Richard is utterly unmoved by the clannishness, condemnation and guilt that is often epidemic in Jewish and other ethnic and immigrant families. He is determined to try and be happy, even at 60 years of age. He believes it to be his right, that there is little point in spending the rest of his days watching his wife eat herself to death. I have to say I was with him every step of the way, as unappetizing a person as he is. We learn in every kind of therapy there is that we cannot save other people, that people can only save themselves. This is something Richard got long before I did. I thought his escape was heroic in a very middle-class way. Edie, it turns out, is also looking for the same thing, and in the least likely of places.
Attenberg takes a piercing, sometimes angry, often funny, look at Jewish family values from neurotic and overbearing child rearing to the dubious excesses of child obsession and the Bar Mitzvah ritual. She asks some large and difficult questions. What do we owe the people we live with? What do we owe ourselves? As someone who was born Jewish and grew up in the very culture she is exploring, I have to say she hit home again and again. It is tempting to see some of the people as caricatures but I grew up around every one of them and they did not seem caricatures to me.

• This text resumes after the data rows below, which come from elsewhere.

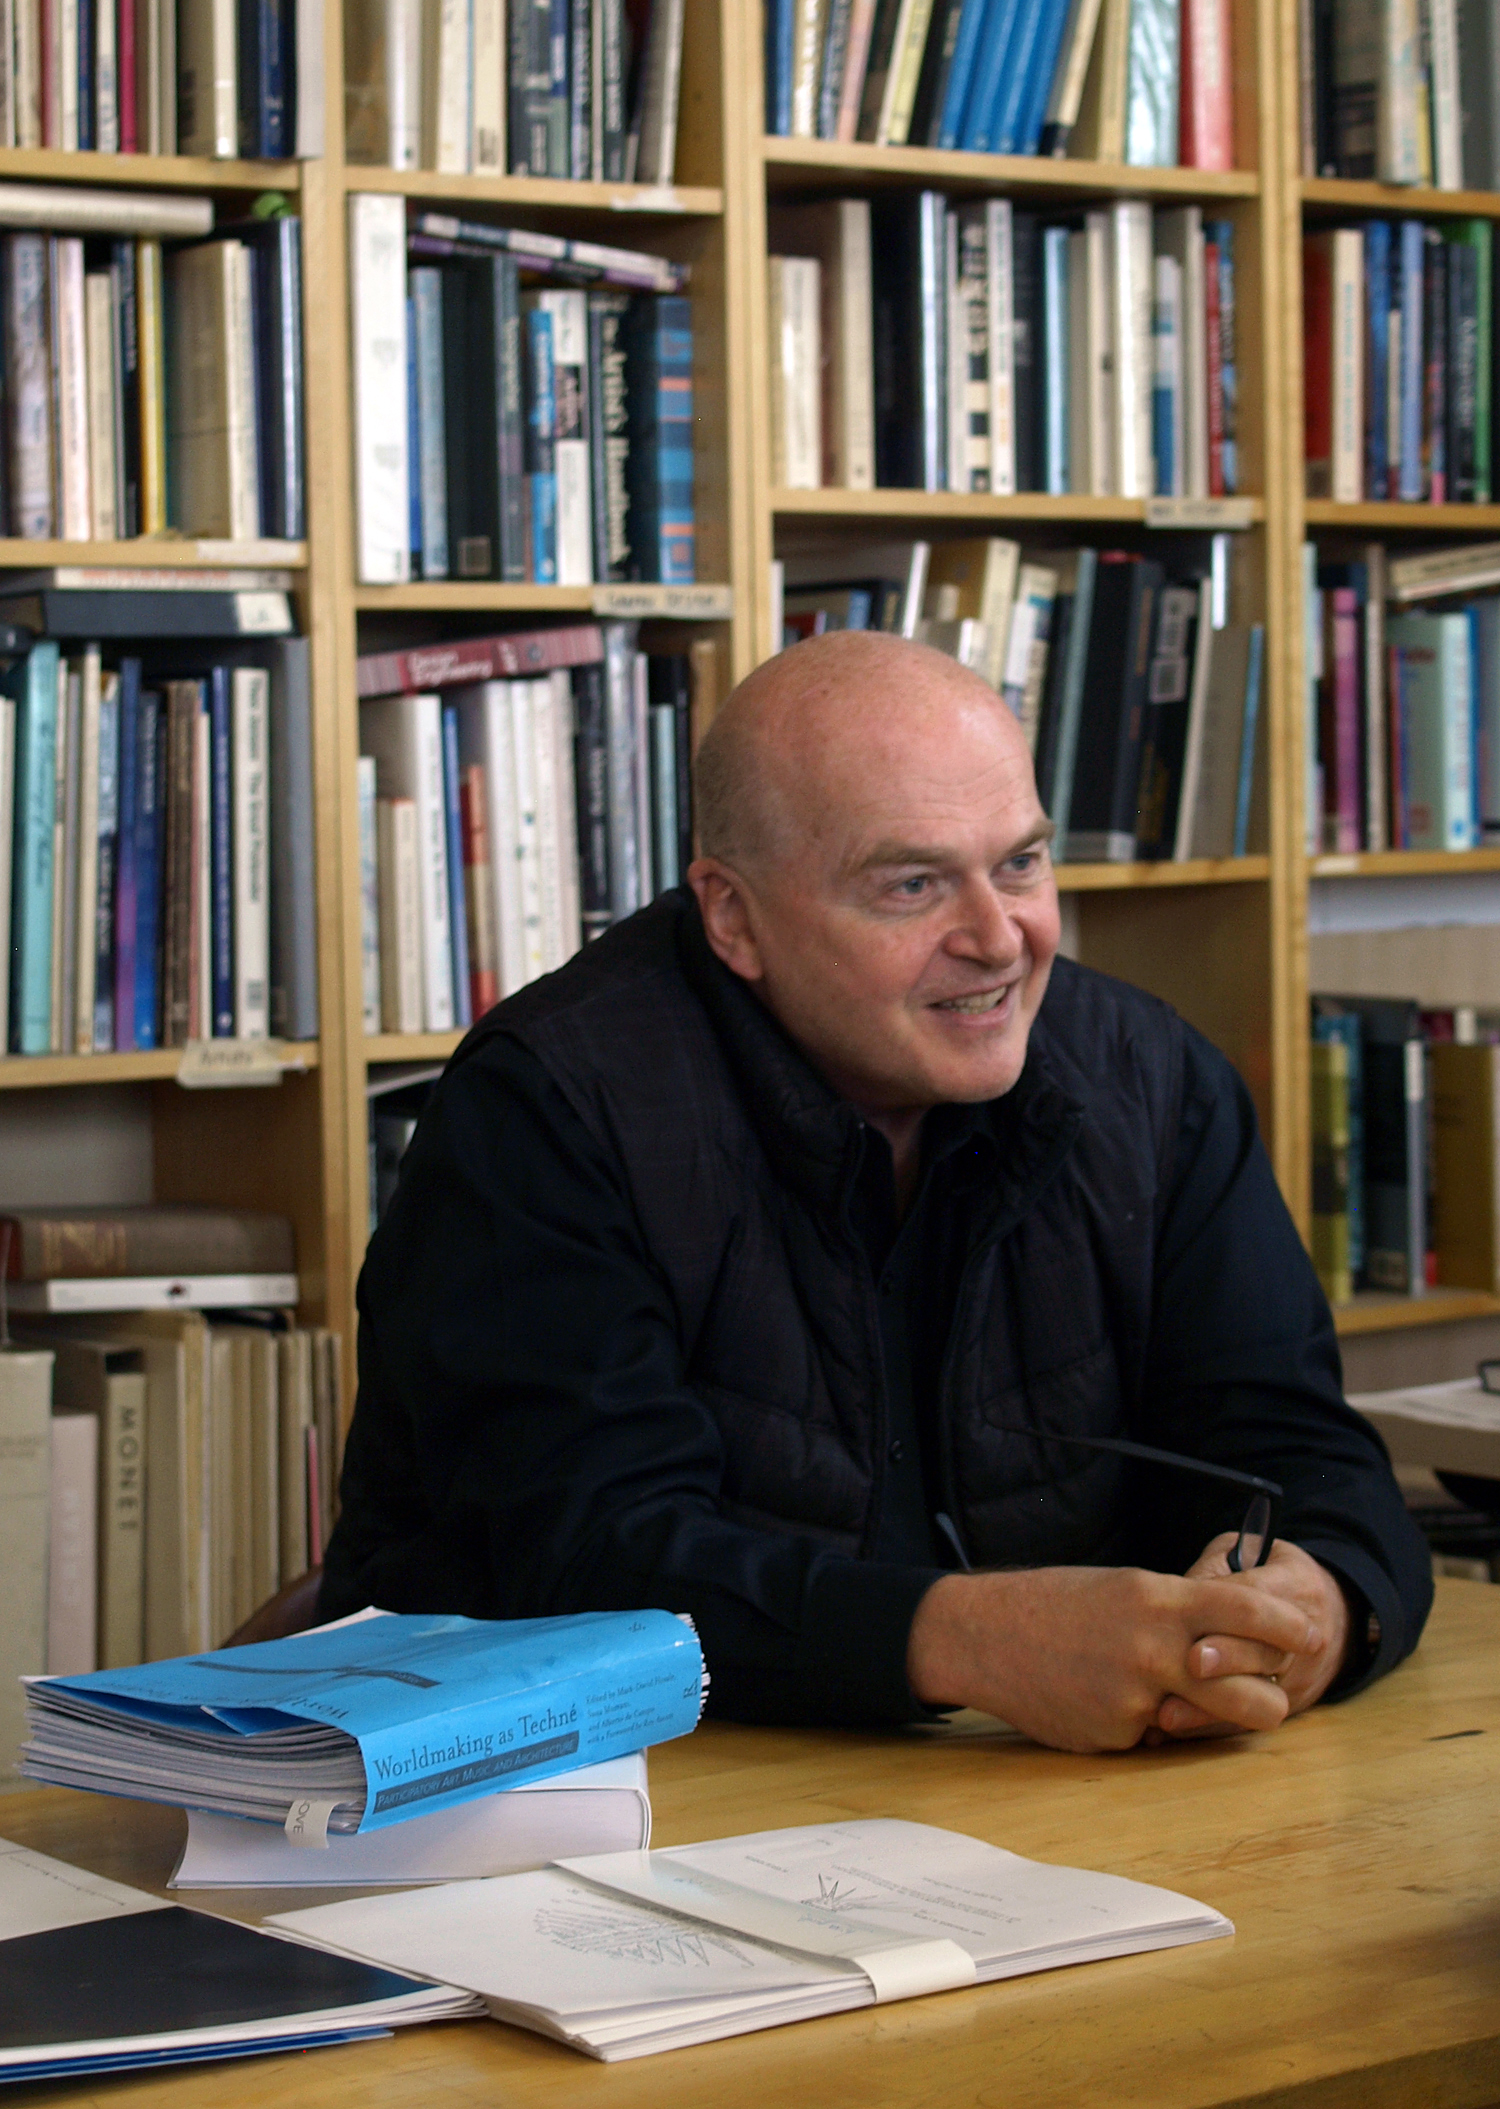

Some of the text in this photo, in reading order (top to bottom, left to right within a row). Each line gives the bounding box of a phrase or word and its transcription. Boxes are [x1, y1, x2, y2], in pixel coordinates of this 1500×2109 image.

[118, 1405, 140, 1531] MONET
[373, 1703, 578, 1780] Worldmaking as Techné
[293, 1800, 311, 1834] OVE
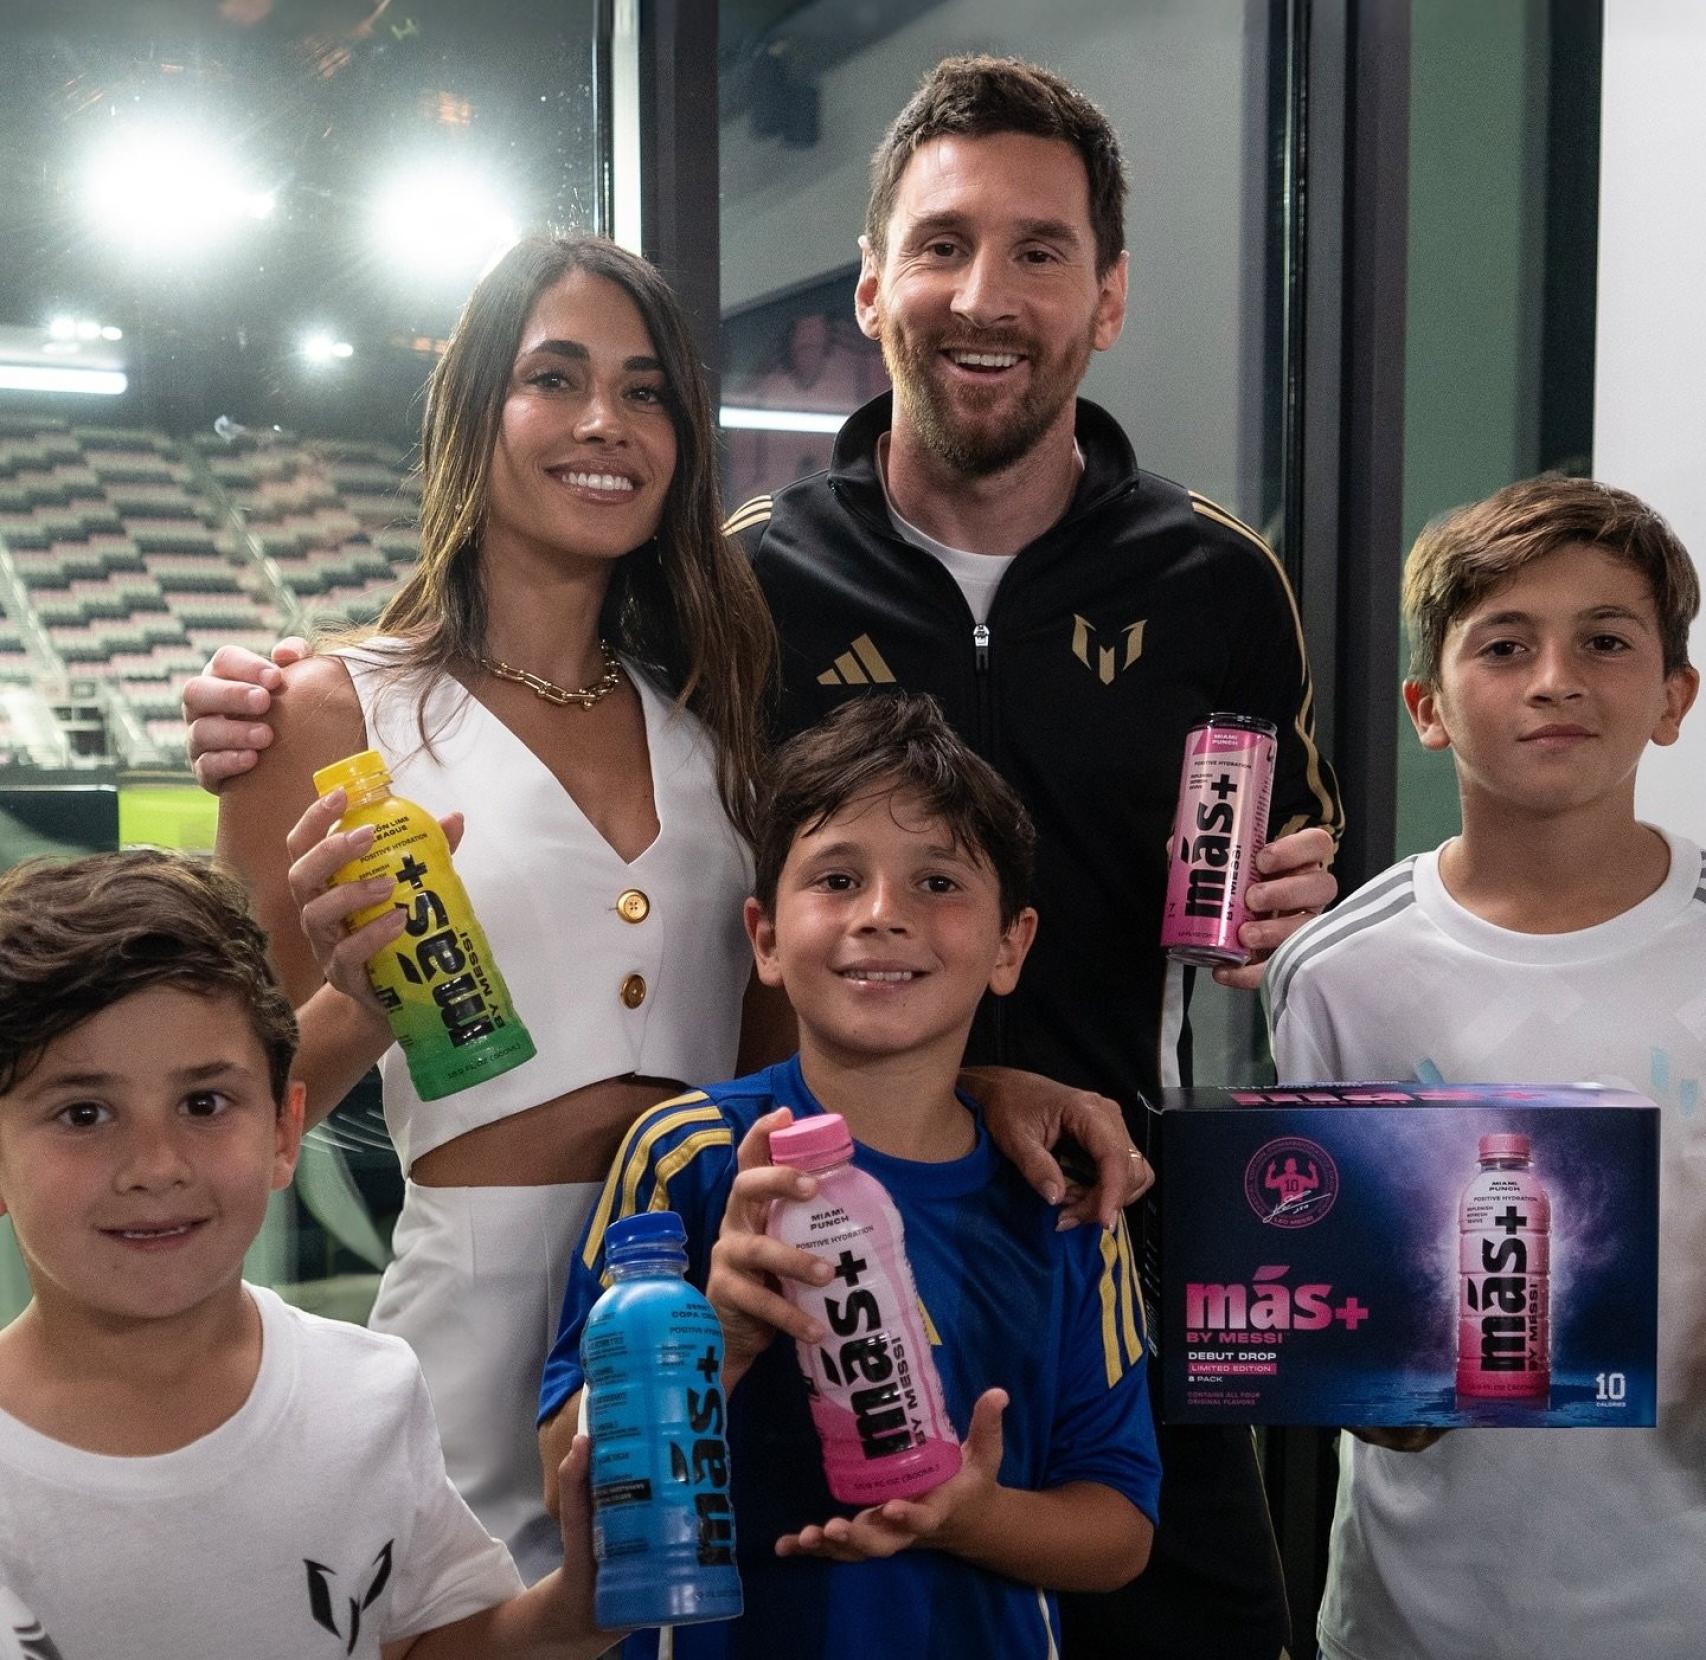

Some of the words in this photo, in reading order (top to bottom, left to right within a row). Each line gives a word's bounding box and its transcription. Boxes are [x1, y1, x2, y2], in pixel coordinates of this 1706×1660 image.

[390, 816, 410, 827] LIME
[360, 846, 392, 863] POSITIVE
[392, 832, 428, 849] HYDRATION
[1230, 844, 1241, 896] MESSI
[459, 929, 493, 998] MESSI
[490, 1002, 506, 1029] BY
[1287, 1179, 1299, 1192] 10
[810, 1215, 849, 1231] PUNCH
[811, 1207, 844, 1222] MIAMI
[795, 1239, 830, 1249] POSITIVE
[831, 1225, 874, 1243] HYDRATION
[1186, 1265, 1369, 1331] más+
[1528, 1283, 1539, 1342] MESSI
[1186, 1332, 1213, 1344] BY
[1219, 1332, 1283, 1344] MESSI
[1188, 1352, 1234, 1361] DEBUT
[1238, 1352, 1277, 1361] DROP
[1528, 1351, 1539, 1371] BY
[892, 1337, 918, 1411] MESSI
[1595, 1372, 1626, 1400] 10
[910, 1421, 927, 1447] BY
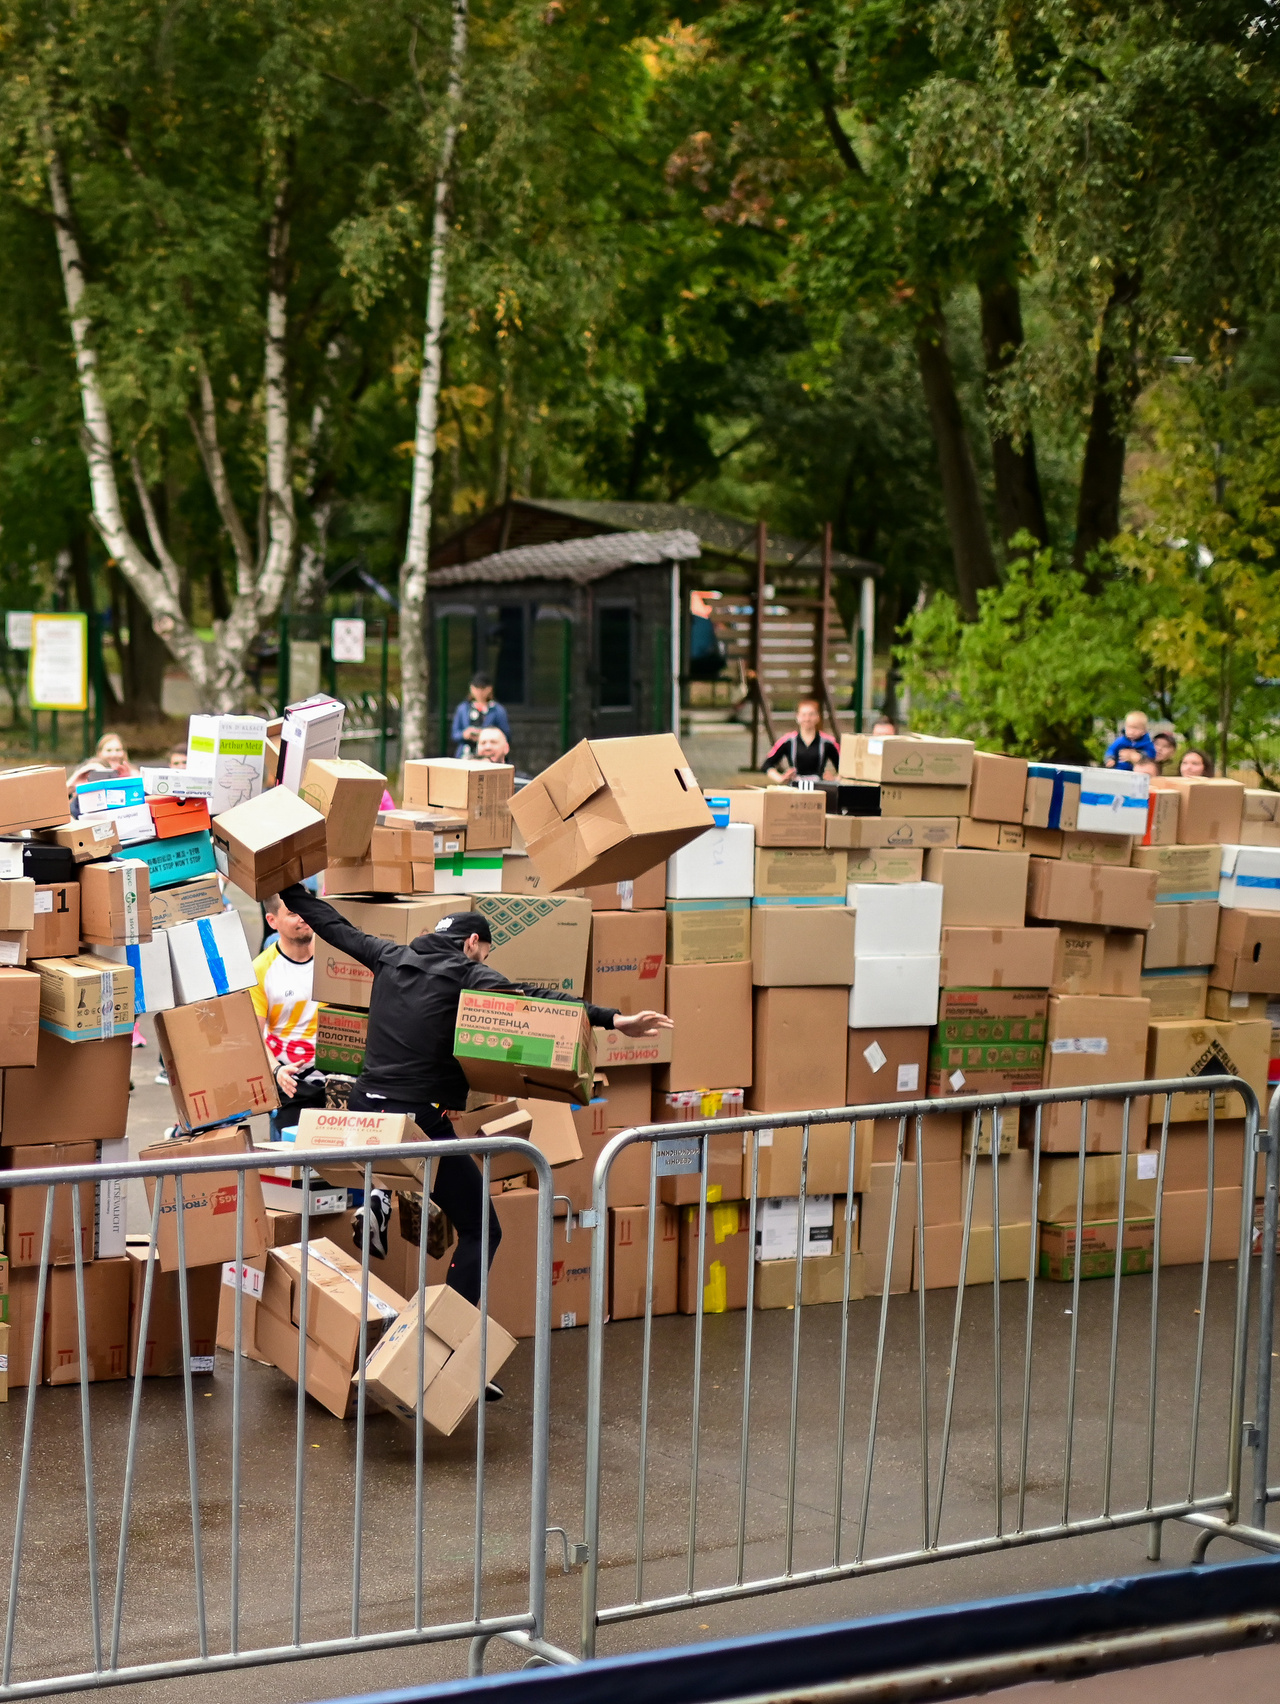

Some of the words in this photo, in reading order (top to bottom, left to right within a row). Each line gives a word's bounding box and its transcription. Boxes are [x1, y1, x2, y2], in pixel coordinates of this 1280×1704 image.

[220, 740, 244, 750] Arthur
[246, 740, 263, 750] Metz
[163, 862, 174, 870] STOP
[175, 858, 188, 867] WON'T
[190, 856, 201, 864] STOP
[57, 888, 70, 912] 1
[1065, 939, 1092, 948] STAFF
[463, 1006, 513, 1017] PROFESSIONAL
[474, 998, 514, 1012] Laima
[522, 1004, 579, 1018] ADVANCED
[328, 1017, 361, 1030] Laima
[461, 1014, 530, 1030] ПОЛОТЕНЦА
[606, 1049, 659, 1061] ОФИСМАГ
[1187, 1044, 1213, 1077] LEROY
[1211, 1040, 1239, 1076] MERLIN
[317, 1115, 385, 1128] ОФИСМАГ
[160, 1200, 208, 1214] FROSCH

I grew up seeing Jewish family life characterized in books, movies, TV – Woody Allen, Molly Goldberg – but it was never funny to me, I saw too much damage, too many victims. In a way, “The Middlesteins” is a novel about victims.
The characters in this book are all looking for love, something that often is smothered in oppressive ethnic ritual and especially in family obligation. I remember having a dreadful battle with my grandmother, who I loved, about the idea of Jewish boys marrying Christian girls. “But grandma,” I pleaded, “don’t we have a right to be happy?” She grabbed me by both cheeks, kissed me on the nose, and quickly said, “no,” she said.”Who is happy?” I thought of Philip Roth and “Portnoy’s Complaint” (for me one of the great books of all time) when I read “The Middlesteins.” We make a lot of jokes about ethnicity and family, but when it comes down to it, Attenberg reminds us that it can be deadly stuff when it comes to living one’s life. Guilt and obligation are suffocating things, diseases in their own right.
This book is riven with longing, hope, loss and broken-hearts. Edie surprises us, not by what she says – she never once really talks about her obesity or confronts it, but what she does. No one in this book ever stops looking for meaning in life, even when it is elusive, unbearable and out of reach. The book is also curiously timely as Gov. Chris Christie of New Jersey struggles to deal with his own obesity as he considers a campaign for the presidency. Is this our business? Is it something only he can do for himself? Does he need to? How much of an explanation of his obesity does he owe us?
“The Middlesteins” explores the whole idea of family responsibility. What do we owe our parents? Our children? Who, exactly, is responsible for who, and to what degree? I know what my grandmother had to say and I was grateful to read what Jami Attenberg had to say in her terrific new novel. It is published by Grand Central Publishing and is available anywhere books are sold. If you wish to buy it, please consider purchasing it either through Battenkill Books, my local bookstore (518 677 2515 or [email protected]), or through your local independent bookstore. One of the many interesting things Attenberg does is tell us how things turn out – she skips ahead a decade in the narrative to tell us what becomes of these people, an innovative and curiously satisfying touch.
I recommend it. The writing is lovely, restrained and precise, the ending is jarring and powerful. If I had a reservation, it was that we heard so little of Edie about her own dilemma. She is a tragic and ghostly figure who never seems to grasp her own life. But maybe that was the point.